I'll throw in another vote for G. pulchripes. Good looking spiders with a pretty calm disposition.

Reactions: Like 1 | Agree 2


----------



## basin79 (Nov 16, 2016)

B.Smithi. Buy a female juvenile or adult and be confident that it will be one of the best decisions you make in life. They're hardy, long lived and stunning.

Reactions: Like 2 | Agree 1


----------



## Haemus (Nov 16, 2016)

+1 to the G. pulchripes. I have two, and both are very calm and slow. They're voracious eaters compared to my B. smithi or G. pulchra however, so they're quite fast and not so calm in that sense lol


----------



## mistertim (Nov 16, 2016)

My E. sp red is easily my most calm spider. My B. smithi is pretty calm but can be temperamental and moody at times. Another that's actually quite calm in general is my P. sazimai though she she was very skittish when she was younger and I first got her. That's one thing to remember.....temperaments can change not only from spider to spider but from molt to molt.

Reactions: Agree 1


----------



## Oreo (Nov 16, 2016)

I think most dwarf species are a good choice since their size makes them easier to manage. If that's what you're thinking when you say slow/docile.

Otherwise, G. pulchripes is generally a safe choice.


----------



## viper69 (Nov 16, 2016)

Luke092601 said:


> but I've heard stories of some letting them be held and nice and all..


You have been severely misinformed. People who do the above w/P. metallica and other similar species are not smart at all, some words that are often used to describe these people: idiots, morons, careless, wreckless and a myriad of other accurate, negative terminology by people who are responsible owners that know a bite from these species can put you in the E.R. of a hospital.

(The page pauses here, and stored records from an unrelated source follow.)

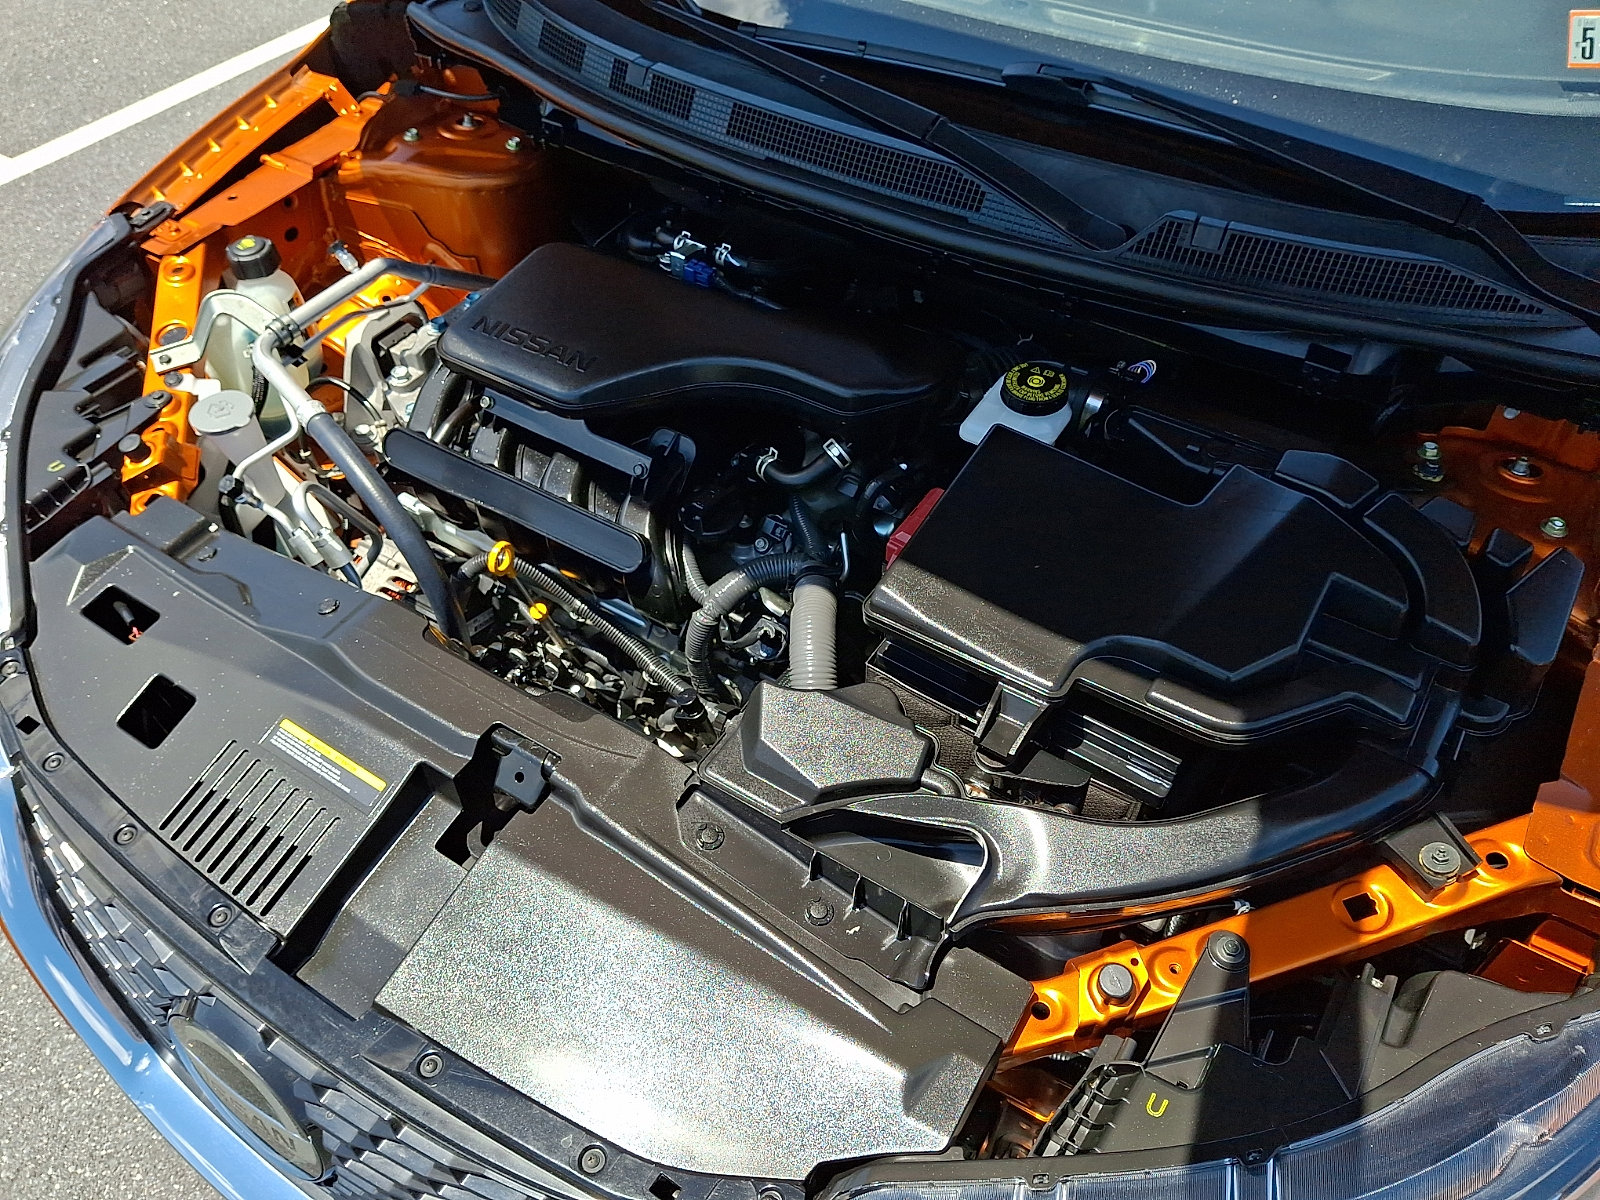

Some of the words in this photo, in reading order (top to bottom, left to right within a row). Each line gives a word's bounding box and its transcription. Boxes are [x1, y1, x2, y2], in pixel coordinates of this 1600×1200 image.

[1581, 26, 1596, 60] 5
[470, 315, 599, 373] NISSAN
[1146, 1091, 1169, 1118] U
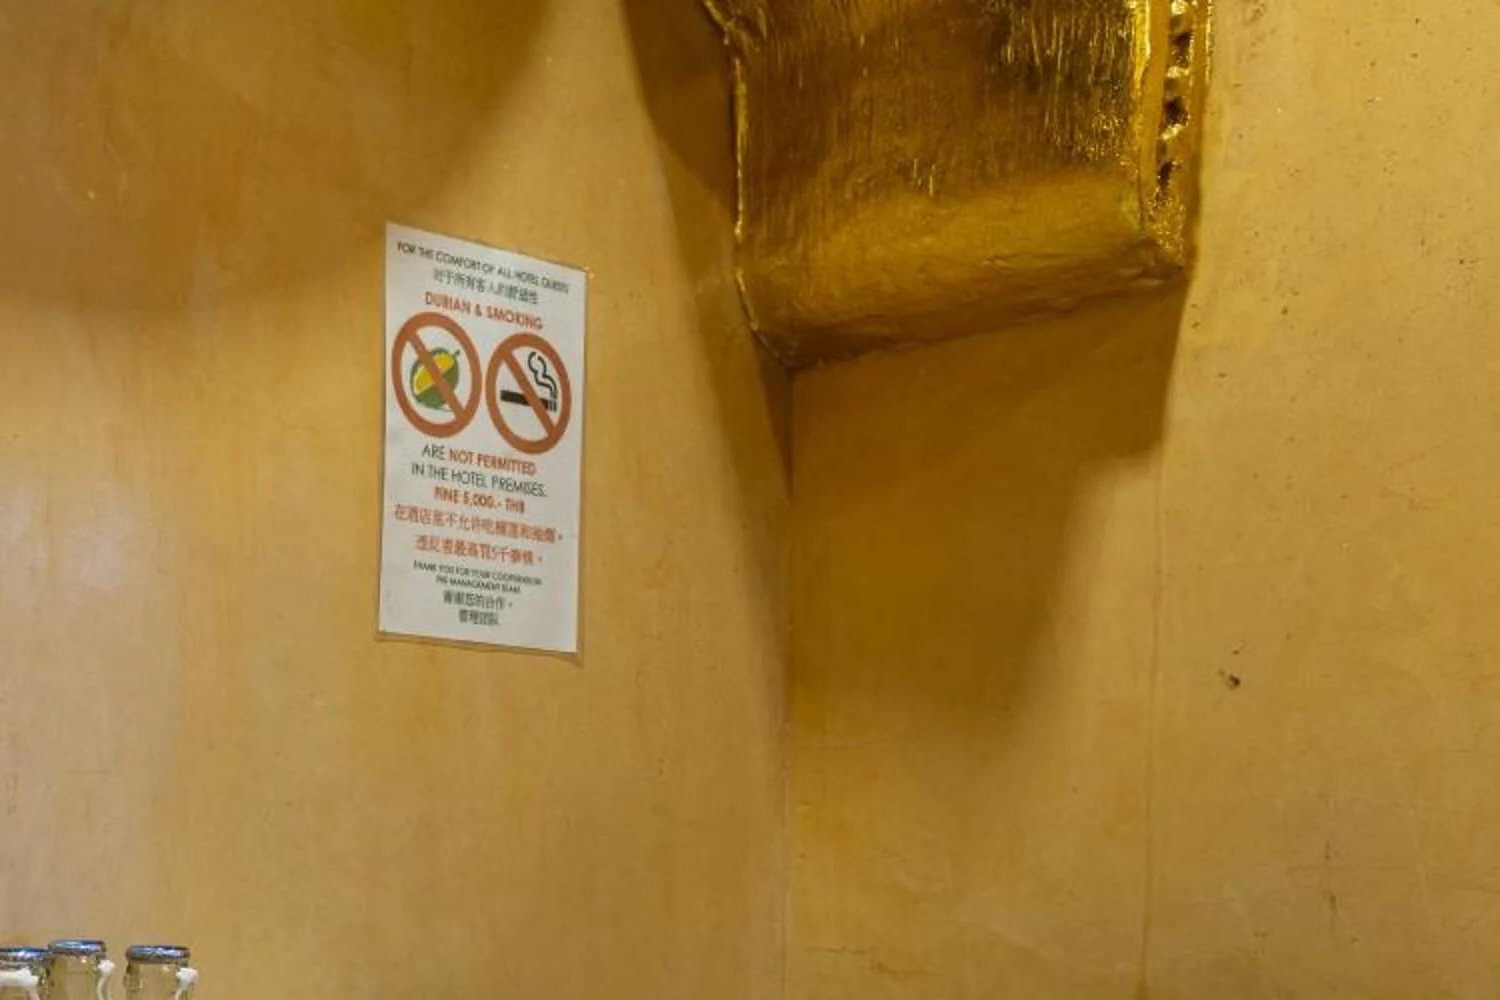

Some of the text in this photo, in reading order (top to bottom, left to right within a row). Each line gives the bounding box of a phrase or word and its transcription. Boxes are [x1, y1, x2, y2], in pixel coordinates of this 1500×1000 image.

[397, 241, 415, 254] FOR
[418, 246, 434, 260] THE
[435, 251, 481, 270] COMFORT
[482, 263, 494, 274] OF
[497, 265, 512, 279] ALL
[514, 269, 539, 287] HOTEL
[425, 291, 543, 330] DURIAN & SMOKING
[422, 443, 538, 477] ARE NOT PERMITTED
[411, 462, 548, 498] IN THE HOTEL PREMISES.
[434, 486, 460, 504] FINE
[505, 497, 526, 514] THB
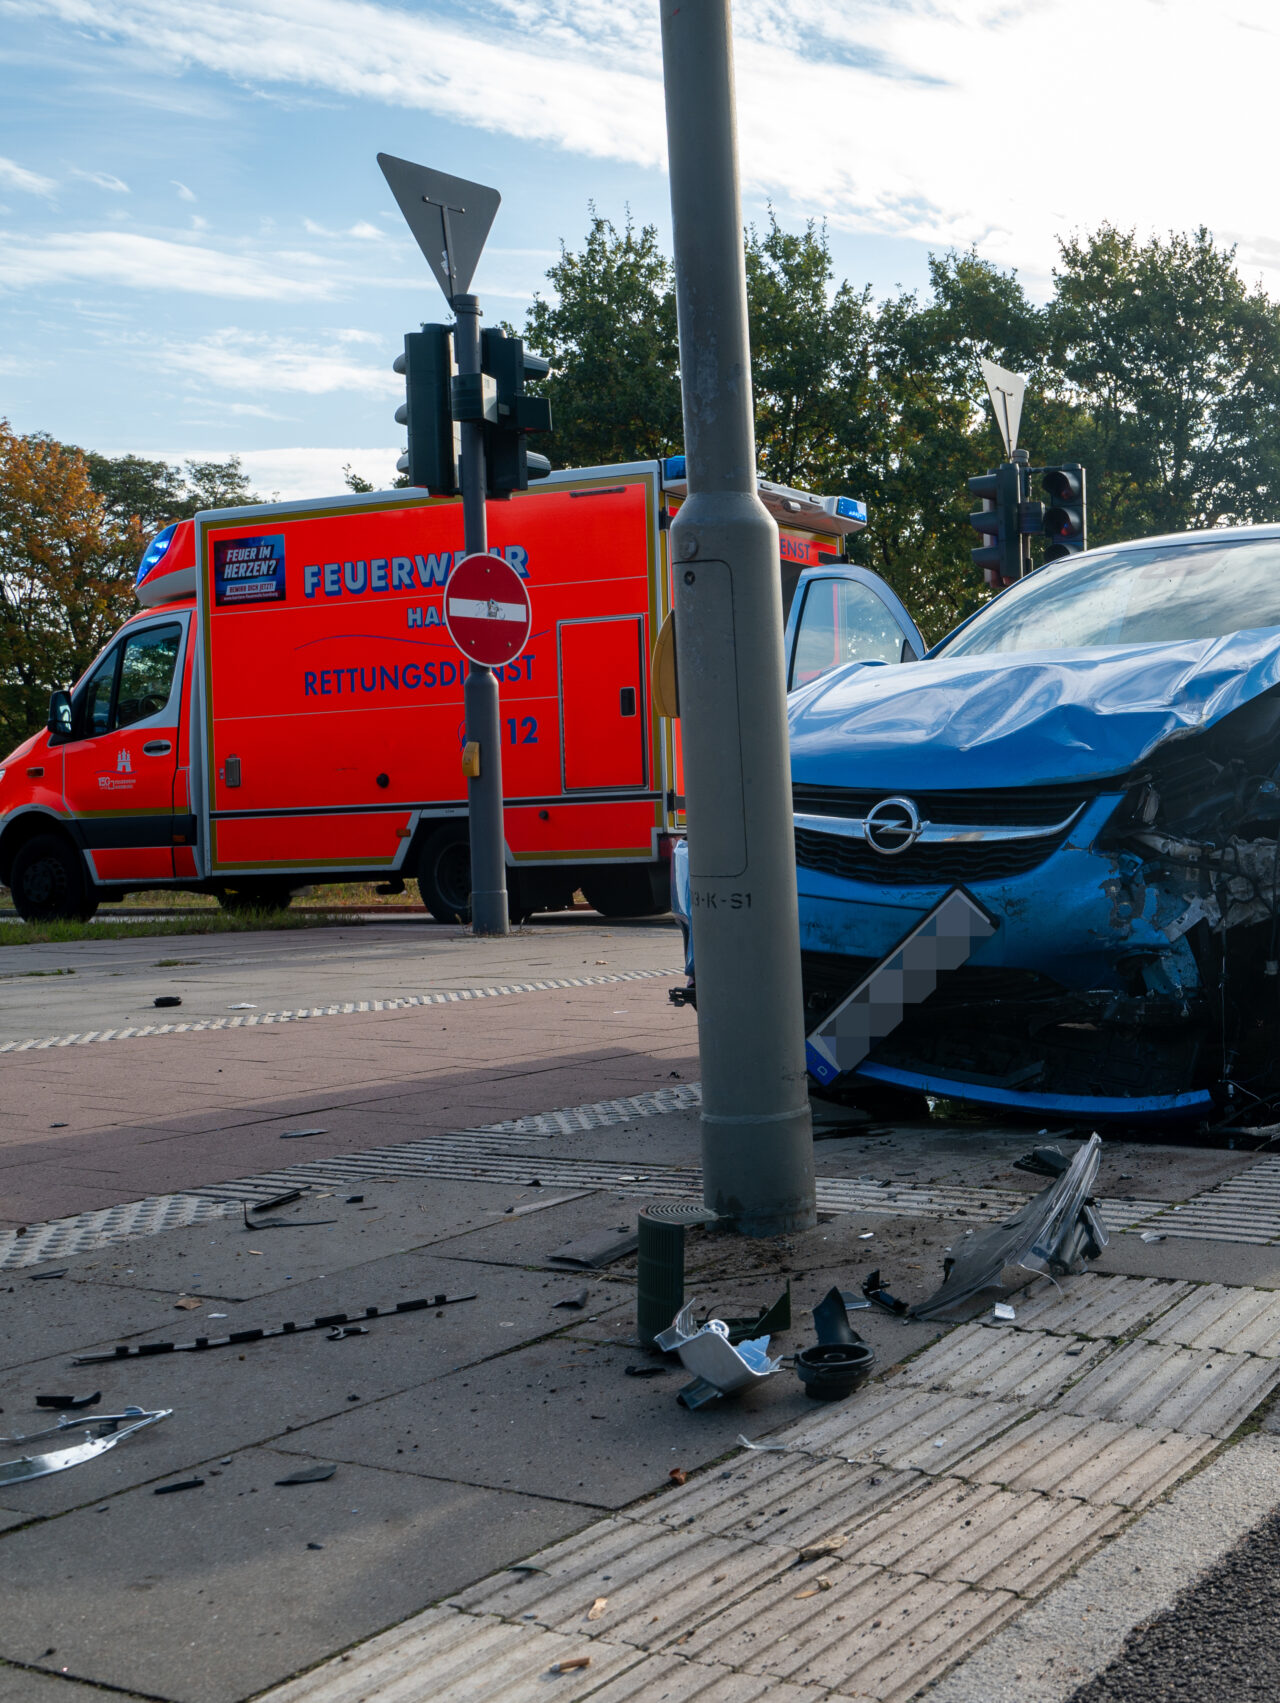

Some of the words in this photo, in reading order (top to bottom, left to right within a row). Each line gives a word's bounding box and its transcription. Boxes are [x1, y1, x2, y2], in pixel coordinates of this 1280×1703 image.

[226, 548, 257, 562] FEUER
[259, 546, 272, 559] IM
[780, 538, 811, 560] ENST
[224, 560, 277, 579] HERZEN?
[303, 545, 531, 598] FEUERWR
[304, 655, 536, 696] RETTUNGSDINST
[499, 716, 539, 745] 12

If you want a pet that you can hold, cuddle etc, get a mammal. Ts derive no benefit from being held. They live a solitary life in the wild.

If you want a relatively docile T to observe get a G. pulchripes or a E. sp. Red (below).














E. sp. Red, Adult Female eating 2 of 2.



__ viper69
__ Aug 29, 2016


















E. sp. Red, Adult Female- Recent Molt



__ viper69
__ Aug 29, 2016
__ 1
__
chilensis
euathlus sp. "red"
female
homoeomma
homoeomma chilensis



















AF  E. sp. Red, Post-Molt



__ viper69
__ Aug 29, 2016

Reactions: Like 1 | Agree 8


----------



## Luke092601 (Nov 17, 2016)

viper69 said:


> You have been severely misinformed. People who do the above w/P. metallica and other similar species are not smart at all, some words that are often used to describe these people: idiots, morons, careless, wreckless and a myriad of other accurate, negative terminology by people who are responsible owners that know a bite from these species can put you in the E.R. of a hospital.
> 
> If you want a pet that you can hold, cuddle etc, get a mammal. Ts derive no benefit from being held. They live a solitary life in the wild.
> 
> ...


Well it's not me wanting to hold them, it's more I don't want them to be so fast they run out when I get the lid off or put food near them or try and fix their cage. I am not too interested in holding them I just want some that are calm

Reactions: Like 2


----------



## viper69 (Nov 17, 2016)

Luke092601 said:


> Well it's not me wanting to hold them, it's more I don't want them to be so fast they run out when I get the lid off or put food near them or try and fix their cage. I am not too interested in holding them I just want some that are calm



I thought it was for holding actually, because I see you own a GBB. As I've owned many GBBs that's certainly a species that fits your above description in the quote.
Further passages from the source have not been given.